13 Montgomerie Terrace And 16A Eglinton Gardens, Skelmorlie is a Grade B listed building in the North Ayrshire local planning authority area, Scotland. First listed on 7 January 2005. Villa.
13 Montgomerie Terrace And 16A Eglinton Gardens, Skelmorlie
- WRENN ID
- carved-plinth-yarrow
- Grade
- B
- Local Planning Authority
- North Ayrshire
- Country
- Scotland
- Date first listed
- 7 January 2005
- Type
- Villa
- Source
- Historic Environment Scotland listing
Description
13 Montgomerie Terrace and 16A Eglinton Gardens, Skelmorlie
An Italianate villa designed by William N Tait in 1869–70, with a slightly later rear addition and late 1970s subdivision into two flats. The main building is 2-storey with attic, arranged in an L-plan across 3 bays, and features a prominent 3-storey crenellated entrance tower. A 2-storey canted bay window corbels out to form a gable at attic level. The deep, bracketed and corniced eaves are characteristic of the Italianate style. The former coach house and stable at 16 Eglinton Gardens is connected to the main house by a crenellated archway.
The exterior is constructed of stugged red sandstone with polished red sandstone ashlar dressings. A base course, cill course and eaves course run across the principal elevation. The tower is slightly jettied out at second-floor level. Rusticated long and short quoins and stone-mullioned windows articulate the principal elevation, with chamfered window margins throughout.

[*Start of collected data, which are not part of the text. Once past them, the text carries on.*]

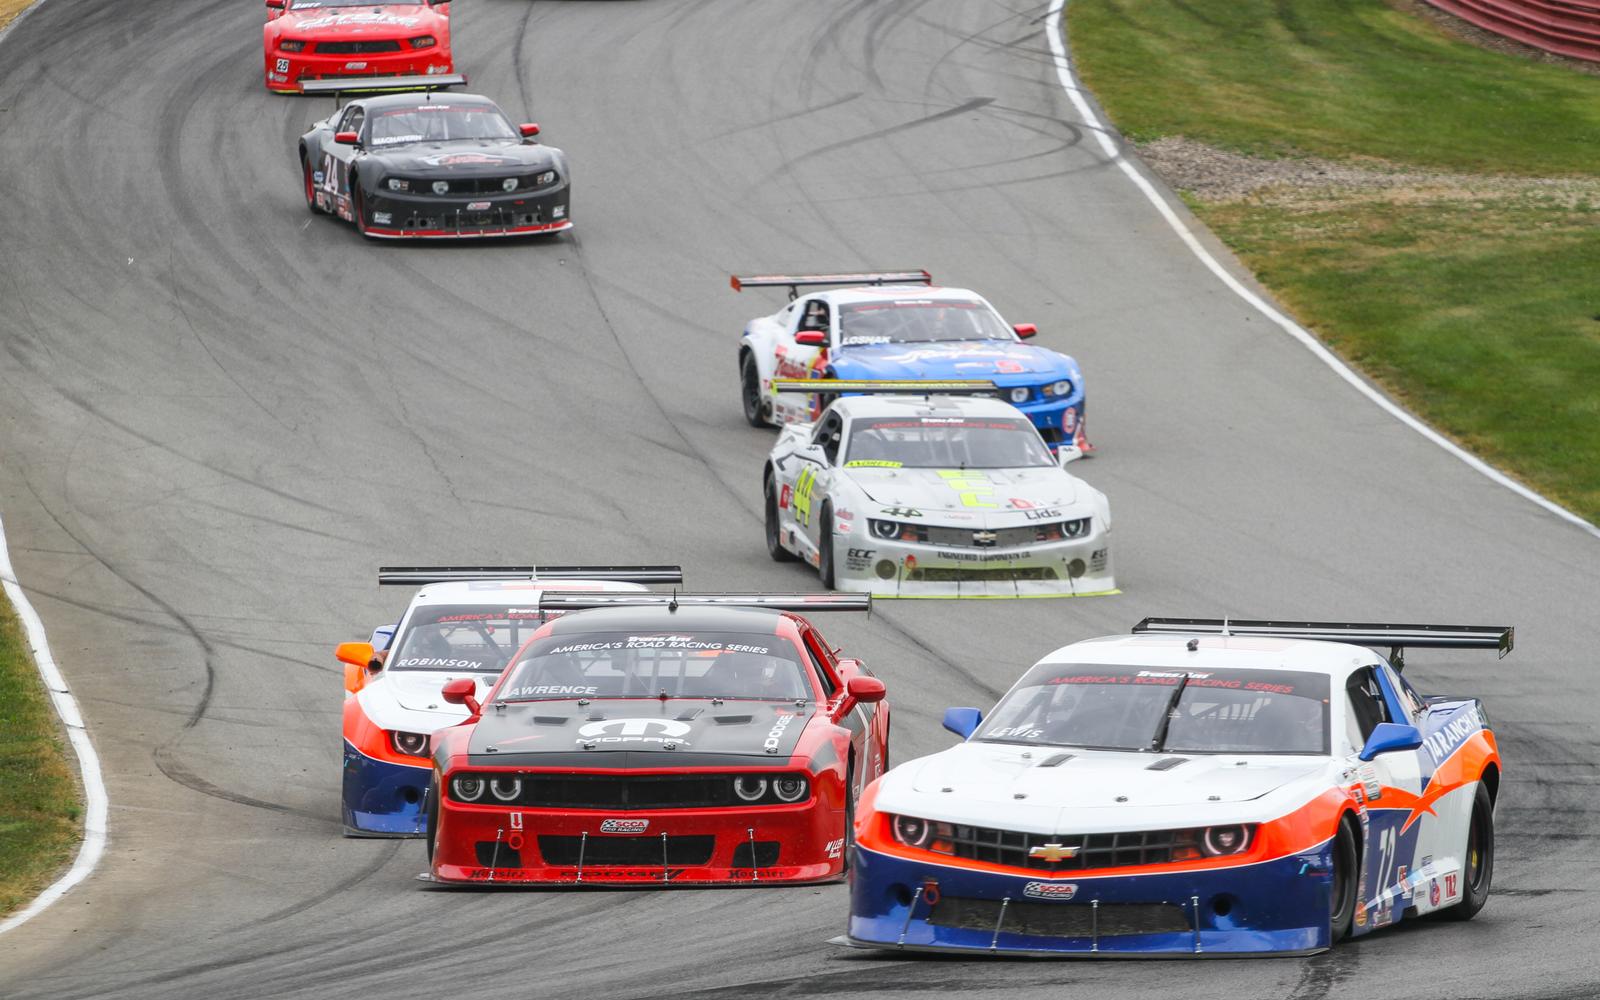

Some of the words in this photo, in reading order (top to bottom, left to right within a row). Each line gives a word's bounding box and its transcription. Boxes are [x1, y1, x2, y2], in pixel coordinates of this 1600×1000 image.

[277, 60, 288, 71] 25
[324, 154, 339, 195] 24
[842, 336, 892, 346] LOSHAK
[1024, 509, 1063, 520] Lids
[847, 547, 877, 559] ECC
[549, 641, 623, 655] AMERICA'S
[625, 641, 665, 649] ROAD
[668, 641, 723, 651] RACING
[725, 643, 769, 654] SERIES
[396, 657, 482, 670] ROBINSON
[1244, 682, 1296, 694] SERIES
[764, 714, 794, 750] DODGE
[987, 726, 1045, 738] LEWIS

The west (principal) elevation presents a roll-moulded arched entrance porch at the base of the tower, supported on tapered piers with simple capitals and a prominent keystone. Two-leaf glass doors occupy the porch opening, with plain rondels to the spandrels and arched lights to the returns. Inside the porch sits a 2-leaf timber panelled front door in an arched, stop-chamfered architrave. Hoodmoulded arched windows light the upper floors of the tower, topped by deep stone-bracketed eaves cornice and crenellated parapet. The 3-light canted bay window to the left corbels out to form the attic gable; a bipartite Tudor-arched window lights the gable apex with a bracketed cill. Bipartite windows occupy the right-hand bay.

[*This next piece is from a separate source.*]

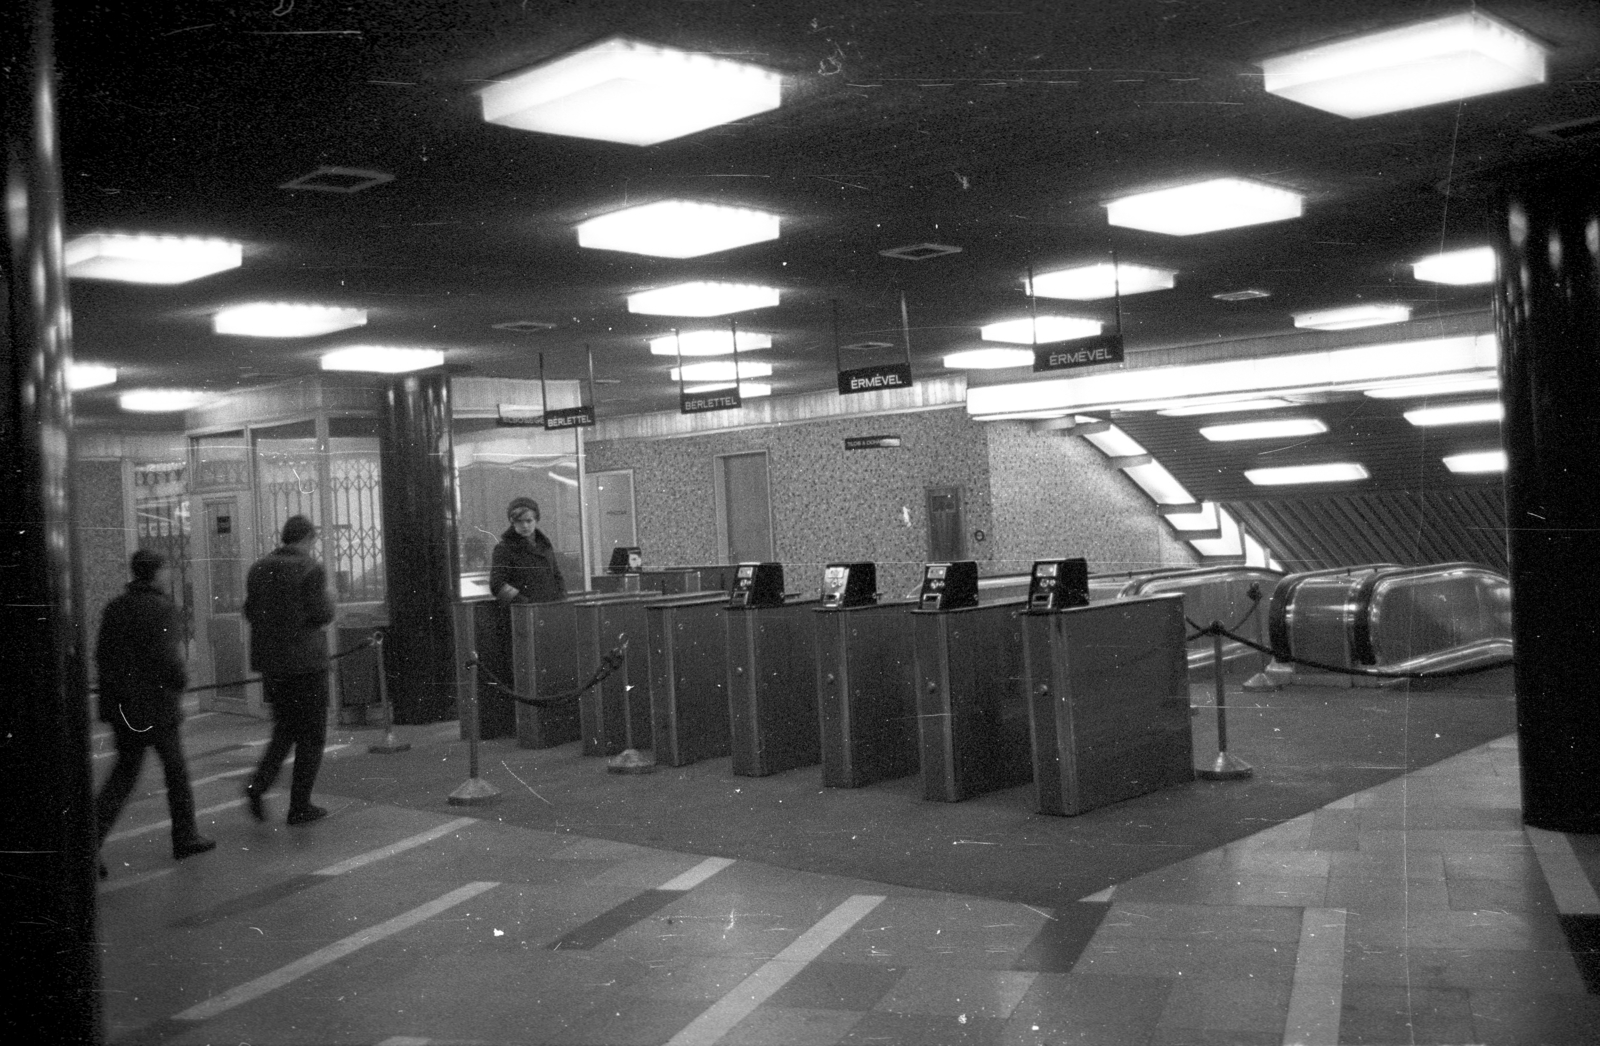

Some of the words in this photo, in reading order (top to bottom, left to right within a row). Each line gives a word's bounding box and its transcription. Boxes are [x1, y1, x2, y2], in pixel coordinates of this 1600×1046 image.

[1049, 348, 1112, 366] ÉRMÉVEL
[851, 373, 902, 390] ÉRMÉVEL
[685, 396, 737, 410] BÉRLETTEL
[547, 415, 591, 428] BÉRLETTEL

The north (side) elevation includes an advanced section to the right with an entrance to 16A Eglinton Gardens, marked by a timber door and bracketed timber porch with slate roof. Two windows occupy the left return, with a pointed window to the gable apex. A recessed section to the left displays irregular fenestration and a timber boarded door.
The east (rear) and south (side) elevations show regular fenestration to the south, where a later glazed door breaks the ground floor. An advanced gable faces east, featuring a later swept roof over a first-floor extension and irregular fenestration, with a lean-to conservatory attached.

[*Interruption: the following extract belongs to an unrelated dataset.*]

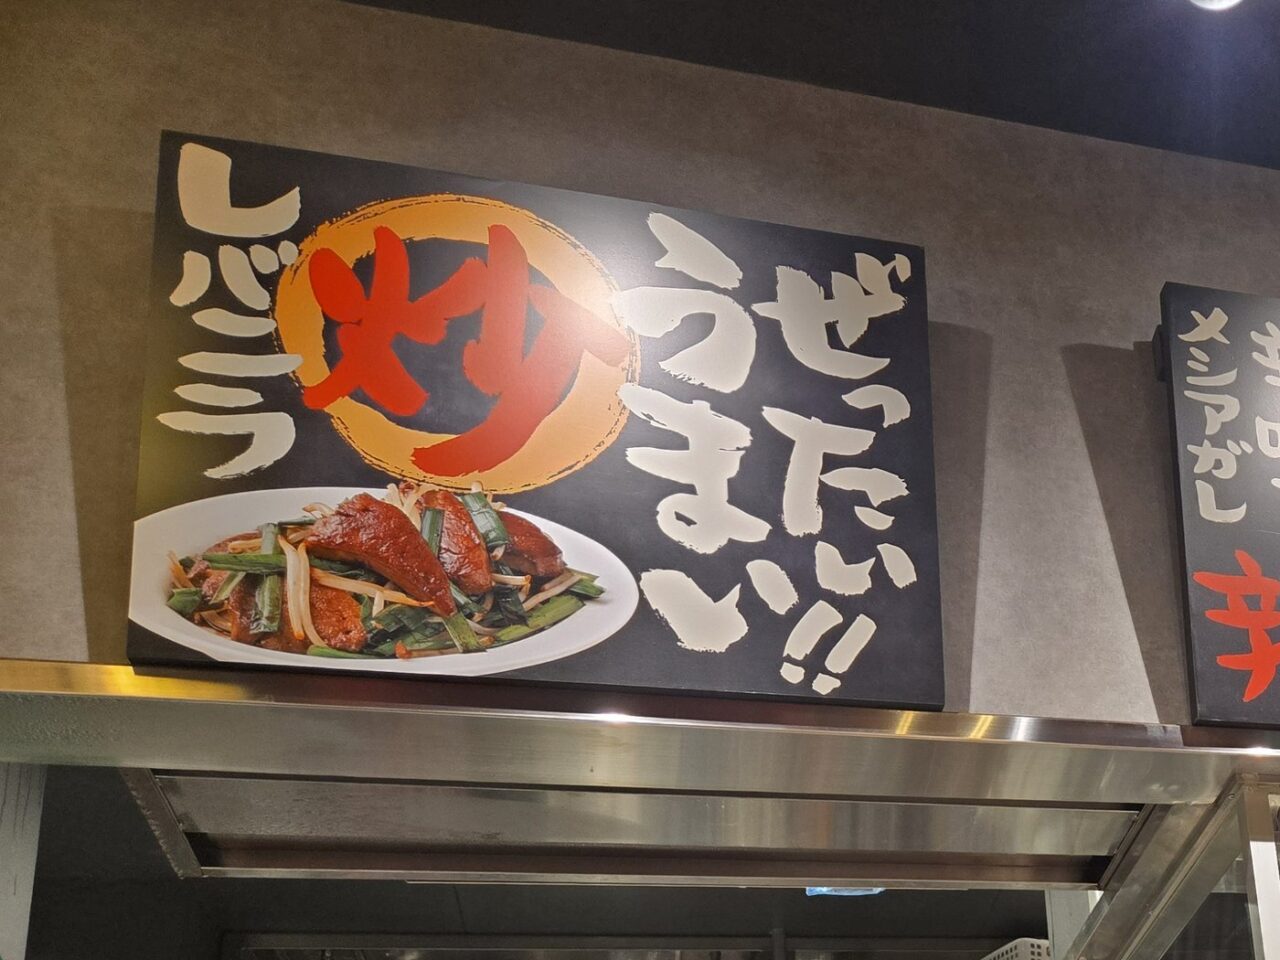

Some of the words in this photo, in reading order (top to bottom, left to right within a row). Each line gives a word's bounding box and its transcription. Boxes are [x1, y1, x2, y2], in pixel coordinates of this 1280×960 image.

Throughout, plate glass fills timber sash and case windows. Corniced stacks with decorative red clay cans pierce the graded grey slate roof, fixed with metal flashings. Cast-iron rainwater goods with decorative brackets ornament the principal elevation.
The interior retains highly decorative floral cornicing to the principal rooms, with some plaster ceiling roses; bedroom cornicing is plainer. The ground-floor drawing or dining room is panelled to dado level and contains a display cupboard with glazed doors and a timber chimneypiece with thin paired pilasters. The kitchen includes some early 20th-century cupboards. A timber staircase with carved newel posts rises through the house, formerly lit by an arched stained glass window. Circa 1921 stained glass in the bathroom windows and doors depicts sailing boats. The flat at 16A features a circa 1938 Art Deco bathroom with black vitrolite tiles, a circular mirror over a built-in cupboard, cream bathroom suite and chrome Art Deco taps.
16 Eglinton Gardens (the former coach house) is rectangular in plan, gabled to east and west, with irregularly spaced fenestration and many later openings. It is built of squared, snecked sandstone with concrete tiles to the roof. The crenellated link-wall connecting it to the house features a raised central section bearing a blank shield, with a stop-chamfered depressed arch and blind arrow-slits on each side.
A stone terrace occupies the rear of the house, accessed by 14 sandstone steps with a coped side wall. A timber-boarded access door provides entry to a brick drainage channel running beneath the terrace.
Two-leaf cast-iron gates hang from square-plan gatepiers, crenellated with stop-chamfered margins and shallow pyramidal caps. The boundary wall is flat-coped red sandstone.